The National:

This is the second edition of the new In Common newsletter from the pro-independence think tank Common Weal. To get it sent direct to your inbox every week, click here.

This week's edition comes from Nick Kempe.  Nick was a social worker who became head of service for older people in Glasgow and, since retirement, has been trying to reform the care system as part of Common Weal’s Care Reform Group.

Successive Scottish governments have been trying to reform social care ever since the creation of the Scottish Parliament in 1999, basically in an attempt to do more with less. It hasn’t worked.

The social care system was in severe crisis before 2020 but unravelled during the pandemic, as both Covid inquiries are reminding us.  It was out of that experience that popular demand arose for a National Care Service (NCS) to rival the NHS.

Reluctant to commit to an NCS, the Scottish Government asked Derek Feeley, a former civil servant responsible for the system, to “independently” review adult social care. Feeley’s recommendations, published in February 2021, advocated more top-down management of resources, exercised by ministers through strengthened "integration" structures and the continuation of private profit in care. But it is exactly that approach which had driven down pay, drained money from care into corporations, frustrated planning and fragmented data. 

Mindful of the public mood, Feeley also suggested expanding the scope of his recommendations to create a NCS, and this was included by the SNP in their 2021 election manifesto.

Meantime Common Weal’s Care Reform Group had been developing a blueprint for a very different type of NCS. Our vision, set out in a report Caring for All, was for a not-for-profit care service, free at the point of need, centrally financed like the NHS but locally controlled and with power devolved to frontline staff and the people they work with.

In the year before the publication of the NCS Bill in June 2022 the new Scottish Government initiated some consultation, set up numerous internal working groups and, behind the scenes, engaged KPMG to design a secret “Target Operating Model”. That may explain why the NCS Bill took the Feeley recommendations much further, removing care from local authorities and handing extraordinary powers to Scottish ministers.

Opposition to the bill quickly developed. It promised nothing to service users and carers apart from words, failed to meet trade union demands, and alienated local councillors from across the political spectrum. On top of all that, MSPs started asking searching questions about the costs and benefits.

In January 2023 Common Weal, the STUC and others publicly called for a halt the bill. In March it was postponed to June and then in June was “paused” to January 2024, ostensibly to allow further time for services to be co-designed. 

READ MORE: Major changes in plans for Scottish National Care Service

Real co-design implies devolving power, to enable people to design services from the bottom up, but what’s happened to date appears little different to any standard consultation, albeit more extensive and with dozens of civil servants involved. A series of “co-design” events were held over the summer leading to a national forum held in Glasgow on Monday where five “themes” were discussed. 

While it's positive the Scottish Government has created spaces where officers can hear what the social care system is really like, ministers’ responses have been to reiterate the need for respect and dignity. That cannot happen without far more fundamental changes to the system and the Scottish Government has still not explained how these discussions might affect the draft bill. 
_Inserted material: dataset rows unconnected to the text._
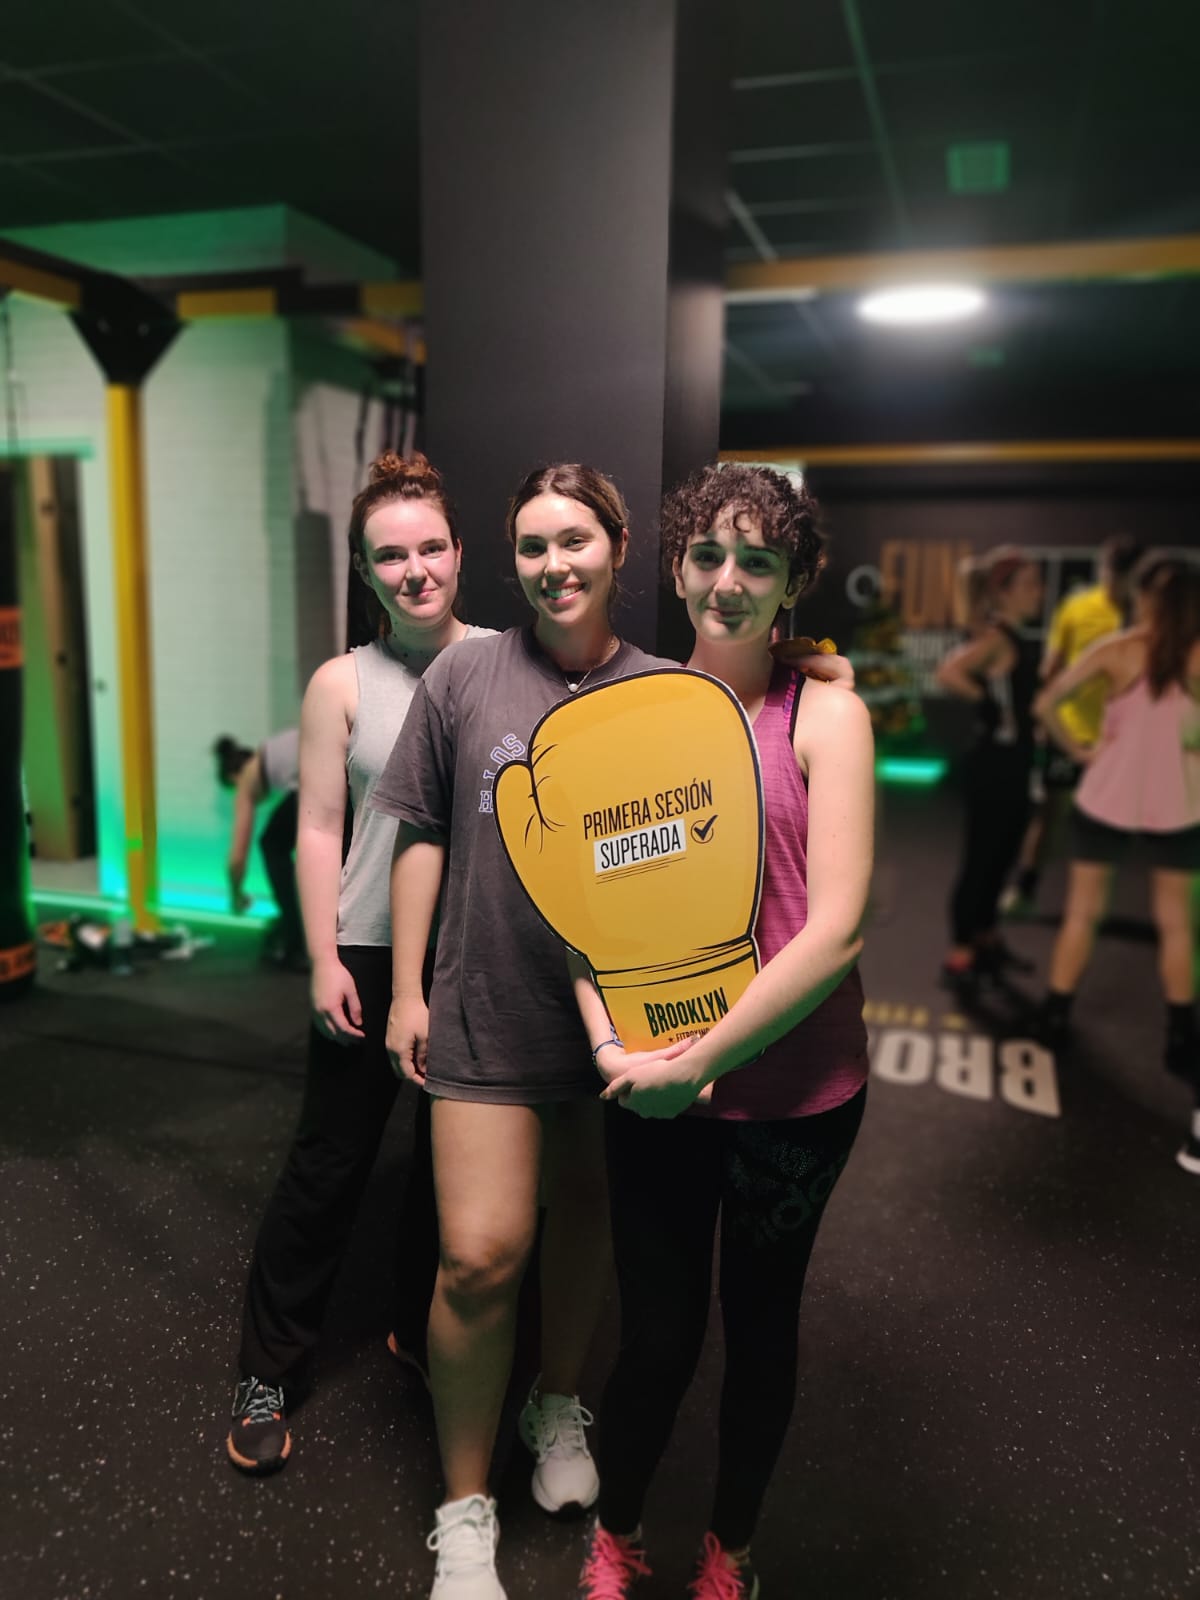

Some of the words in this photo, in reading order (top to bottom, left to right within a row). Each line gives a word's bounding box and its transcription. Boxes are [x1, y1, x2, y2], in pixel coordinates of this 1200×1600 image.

[584, 797, 651, 840] PRIMERA
[655, 778, 713, 821] SESIÓN
[600, 824, 682, 869] SUPERADA
[644, 987, 729, 1038] BROOKLYN
[868, 1030, 1061, 1117] BRO
The only area where the Scottish Government’s legislative intentions have become clearer results from its volte face and deal with Cosla in the summer, that local government should retain responsibilities for social care. The talk is now of a tripartite National Care Board, comprising national government, local government and the NHS, with an “independent” chair and including representation from various stakeholders. The composition looks similar to what we proposed in Caring for All but it is not clear where the real power might lie, up or down.
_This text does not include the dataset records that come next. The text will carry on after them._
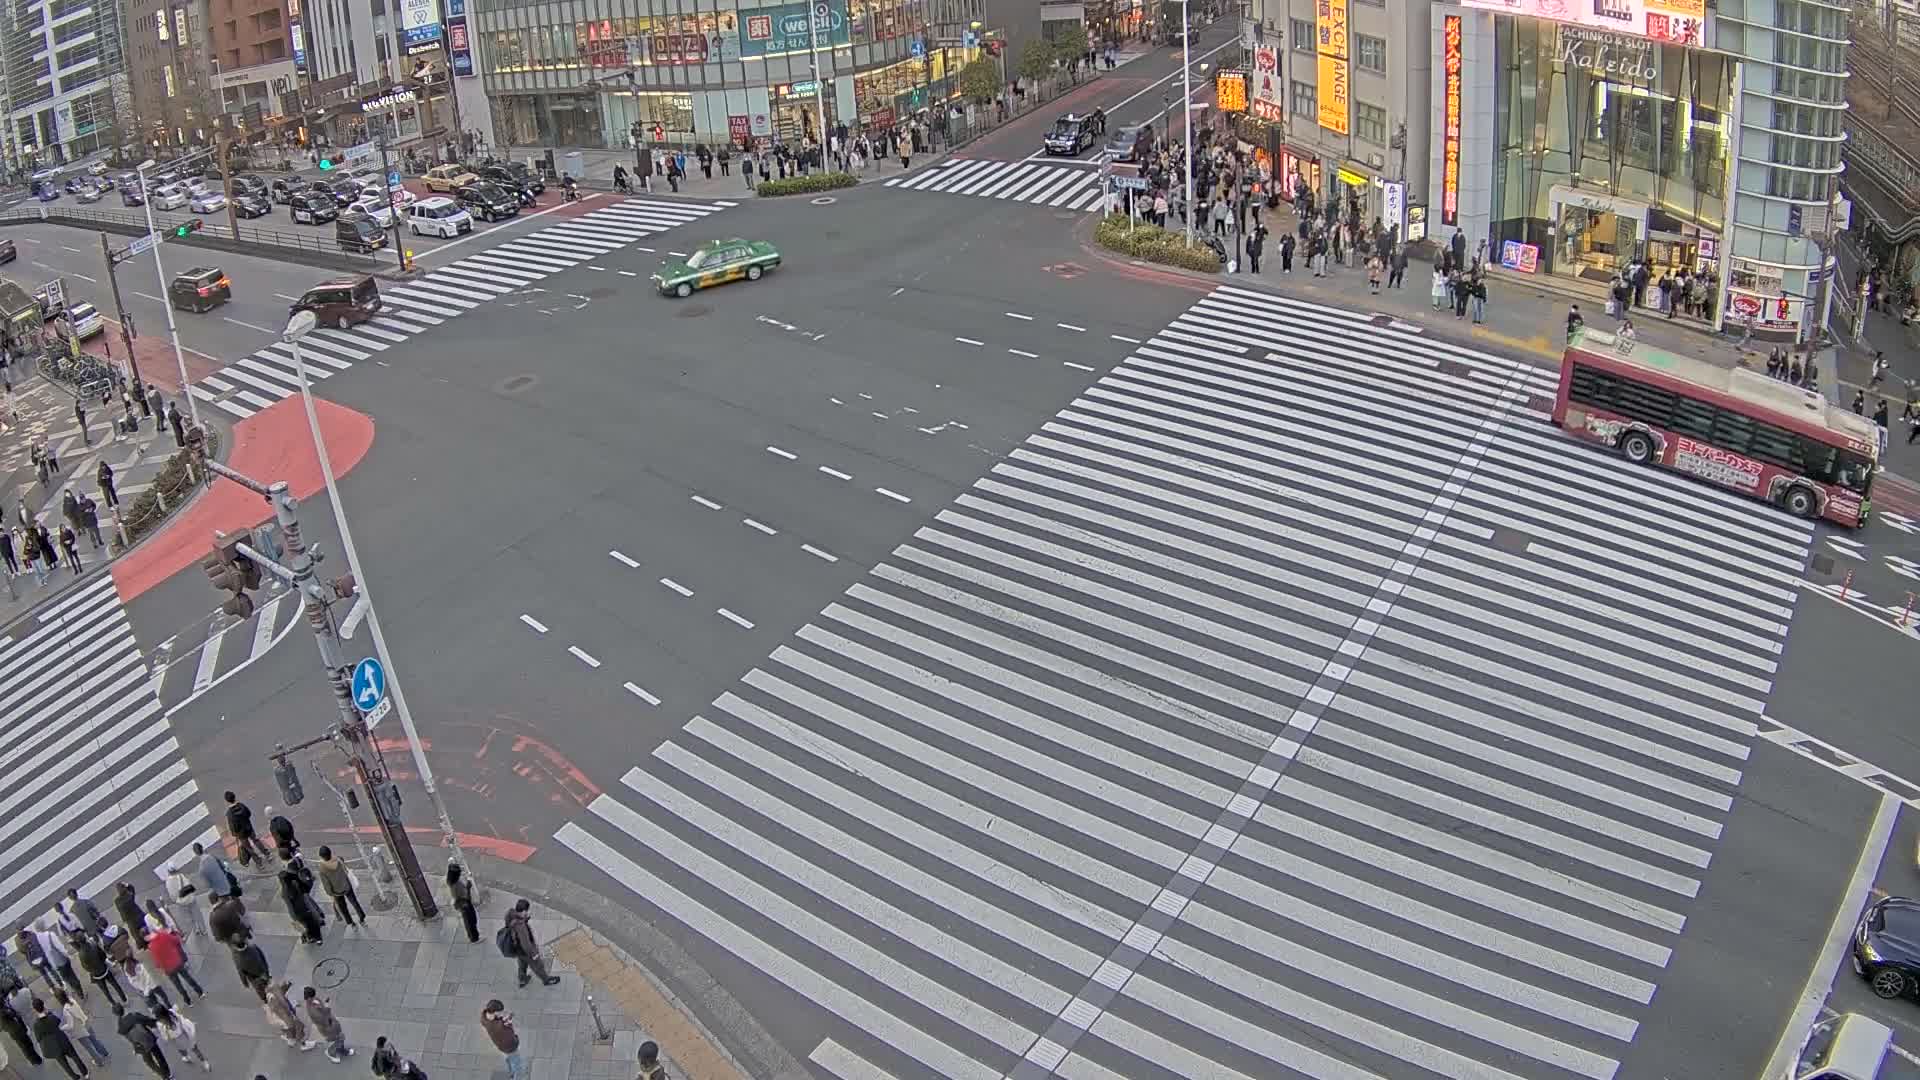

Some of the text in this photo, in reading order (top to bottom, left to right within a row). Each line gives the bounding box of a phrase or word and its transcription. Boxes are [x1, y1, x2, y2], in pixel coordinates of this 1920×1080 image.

[1333, 7, 1345, 105] EXCHANGE
[1550, 38, 1657, 80] Kaleido
[1626, 37, 1652, 50] SLOT
[732, 117, 746, 125] TAX
[1678, 437, 1764, 476] ヨドバシカメラ
READ MORE: Common Weal: What to expect from our newsletter with The National

The National: Maree Todd

The proposal in the bill to create a National Social Work Agency has also been developed somewhat. On Monday the responsible minister, Maree Todd (above), talked about using the agency to turn social workers into “human rights warriors”, but to do that she needs to repeal all the legislation that has turned them into gatekeepers for the system.

Since the UK Government dropped its proposal to increase NI contributions, the prospect of a properly funded NCS has receded considerably. That makes it even more important that the Scottish Government uses its powers to stop profits being extracted from the system even if it cannot fix the total funding gap. 

Almost every other aspect of the NCS, however, lies within the powers of the Scottish Parliament. We could therefore move towards the blueprint set out in Caring for All by changing how the system uses existing resources. For example, basing staff in accessible community hubs; empowering care workers to take decisions with the people they care for; replacing competing services with locally based services co-designed to meet collective needs. 

In short, we could empower the people who should be helping and providing care to do just that, the opposite of the top down managerialist approach still embedded in the NCS Bill.